• _DATA SUPPLIED_
====================
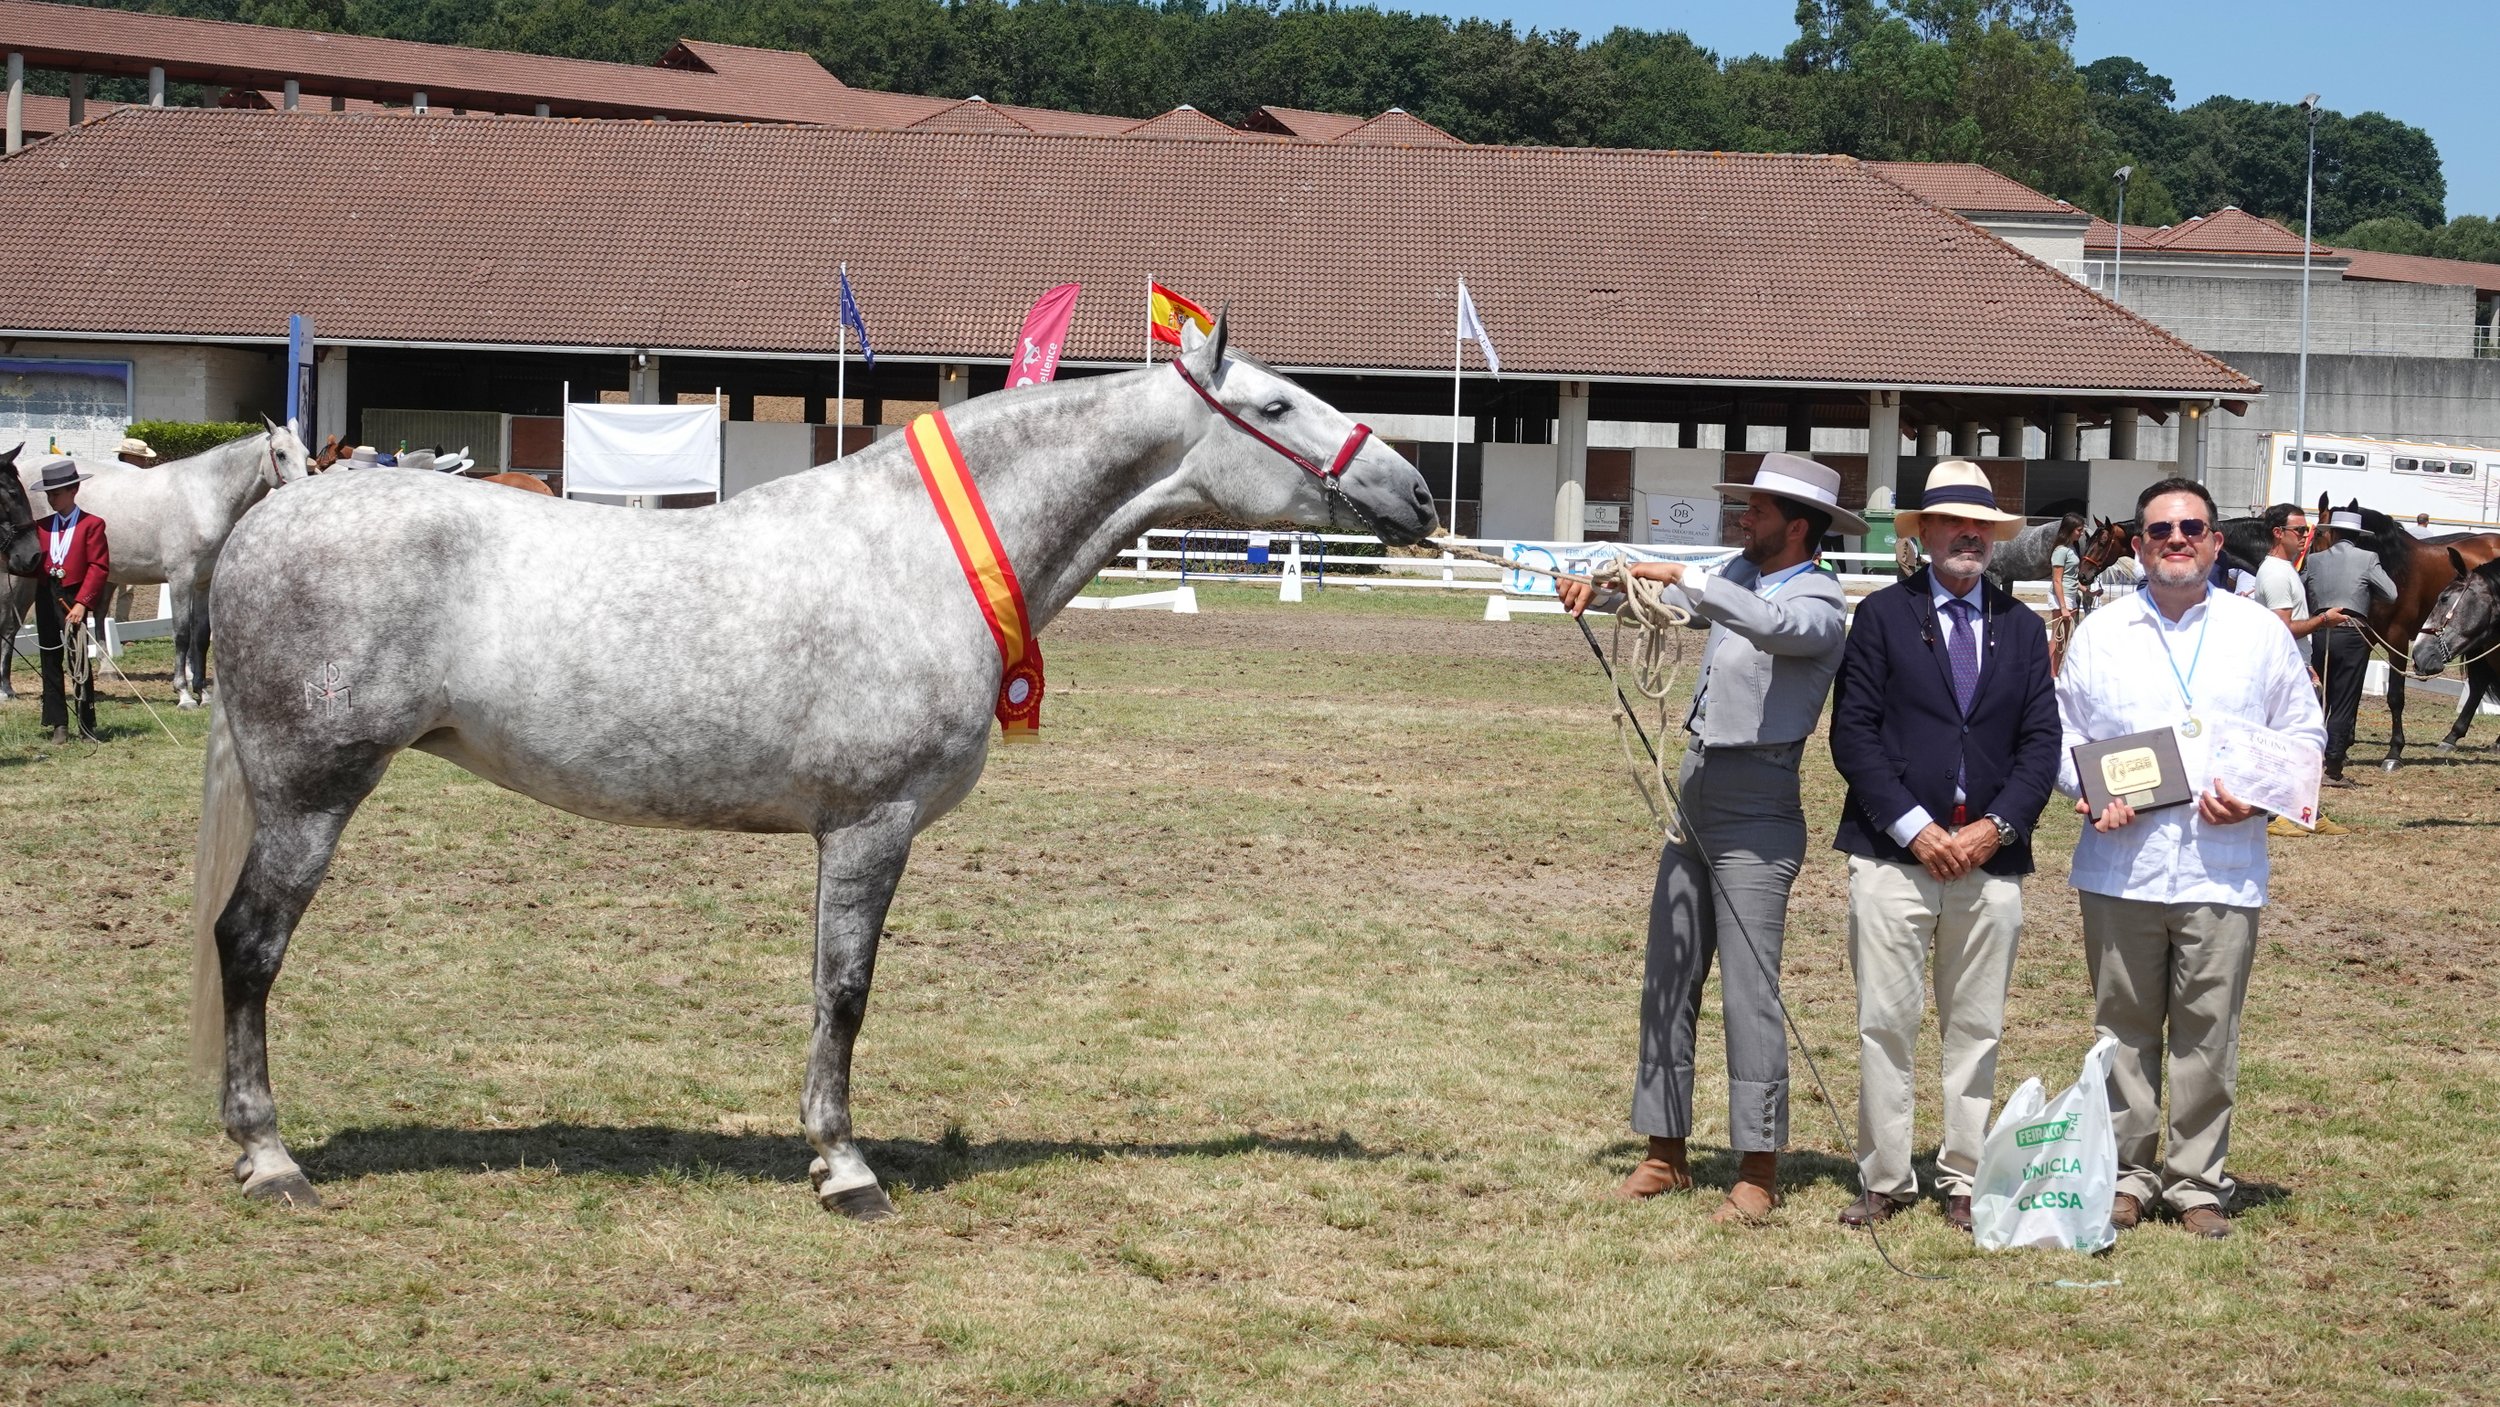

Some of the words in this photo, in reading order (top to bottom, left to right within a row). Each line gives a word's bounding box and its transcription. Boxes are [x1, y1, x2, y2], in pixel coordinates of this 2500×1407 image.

[1040, 342, 1058, 383] ellence
[1674, 508, 1689, 518] DB
[1287, 564, 1297, 575] A
[2019, 1124, 2063, 1145] FEIRACO
[2022, 1158, 2082, 1181] ÚNICLA
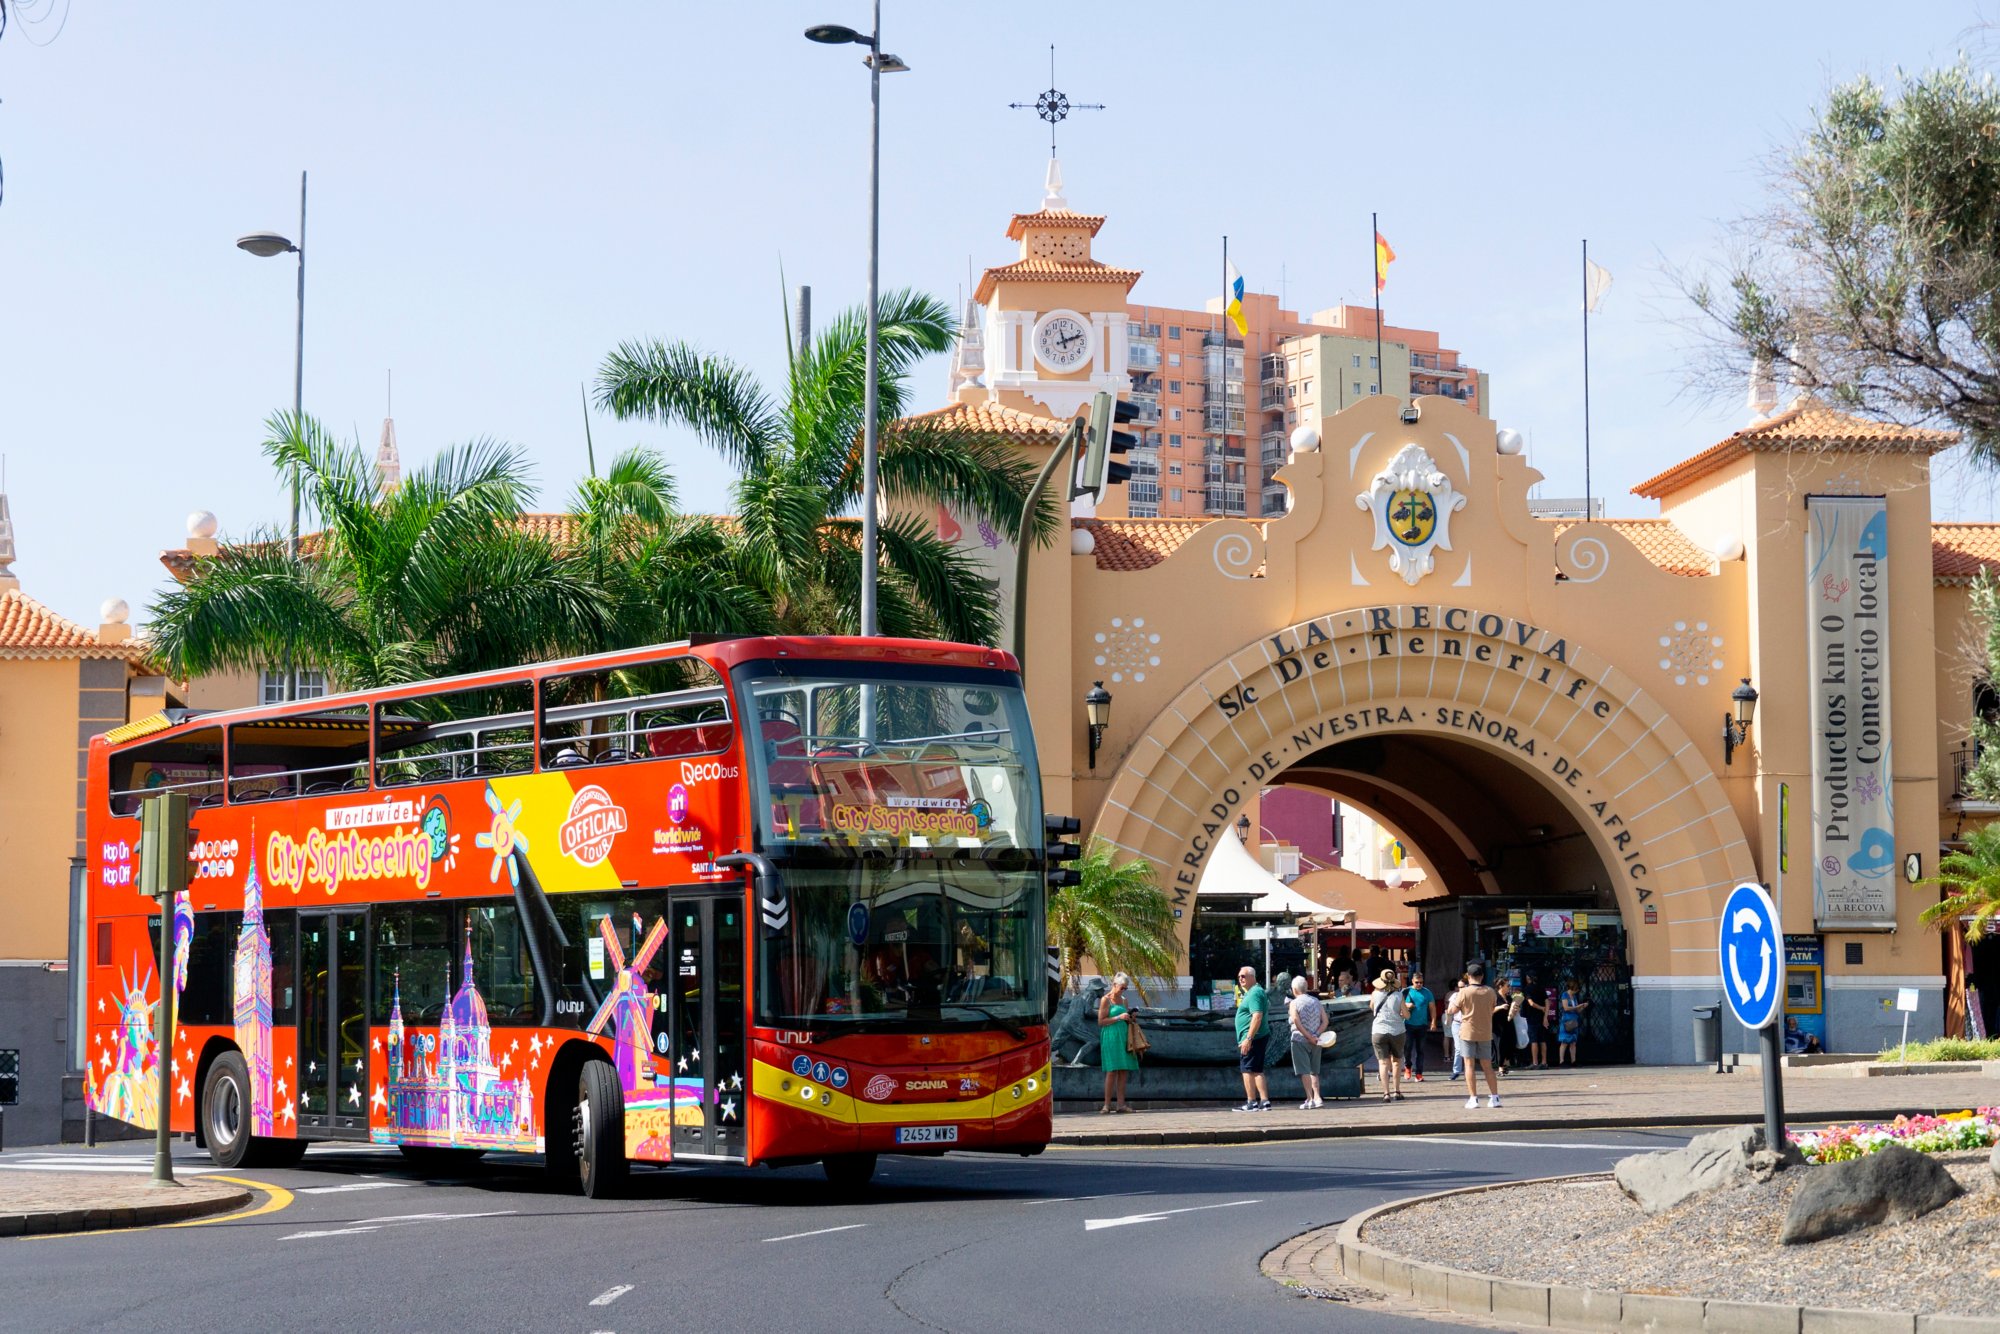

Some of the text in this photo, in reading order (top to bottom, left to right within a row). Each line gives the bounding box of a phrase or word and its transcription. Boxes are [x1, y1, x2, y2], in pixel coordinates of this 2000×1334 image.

[1270, 605, 1568, 665] LA RECOVA
[1821, 642, 1846, 685] km
[1852, 553, 1882, 765] Comercio local
[1218, 632, 1611, 719] S/c De Tenerife
[1824, 694, 1850, 843] Productos
[892, 798, 959, 808] Worldwide
[1170, 705, 1653, 907] MERCADO DE NVESTRA SEÑORA DE AFRICA
[333, 804, 410, 827] Worldwide
[565, 809, 624, 849] OFFICIAL
[654, 827, 701, 845] Worldwide
[103, 840, 130, 863] Hop On
[583, 838, 611, 861] TOUR
[103, 864, 132, 887] Hop Off
[1828, 903, 1886, 912] LA RECOVA
[1790, 952, 1812, 961] ATM
[867, 1081, 897, 1096] OFFICIAL
[905, 1080, 949, 1091] SCANIA
[903, 1127, 955, 1142] 2452 MWS
====================
Give back each entry exactly as it appears. Leave pictures out.

Some of the words in this photo, in reading order (top to bottom, left to right within a row). Each line gives a word's bounding box and its transcription. Boxes are [x1, y1, x2, y2], in pixel coordinates of this 2500×1407 image.

[1040, 342, 1058, 383] ellence
[1674, 508, 1689, 518] DB
[1287, 564, 1297, 575] A
[2019, 1124, 2063, 1145] FEIRACO
[2022, 1158, 2082, 1181] ÚNICLA

Some of the text in this photo, in reading order (top to bottom, left to right within a row). Each line gives the bounding box of a phrase or word and its transcription. Boxes are [x1, y1, x2, y2], in pixel coordinates of this 2000×1334 image.

[1270, 605, 1568, 665] LA RECOVA
[1821, 642, 1846, 685] km
[1852, 553, 1882, 765] Comercio local
[1218, 632, 1611, 719] S/c De Tenerife
[1824, 694, 1850, 843] Productos
[892, 798, 959, 808] Worldwide
[1170, 705, 1653, 907] MERCADO DE NVESTRA SEÑORA DE AFRICA
[333, 804, 410, 827] Worldwide
[565, 809, 624, 849] OFFICIAL
[654, 827, 701, 845] Worldwide
[103, 840, 130, 863] Hop On
[583, 838, 611, 861] TOUR
[103, 864, 132, 887] Hop Off
[1828, 903, 1886, 912] LA RECOVA
[1790, 952, 1812, 961] ATM
[867, 1081, 897, 1096] OFFICIAL
[905, 1080, 949, 1091] SCANIA
[903, 1127, 955, 1142] 2452 MWS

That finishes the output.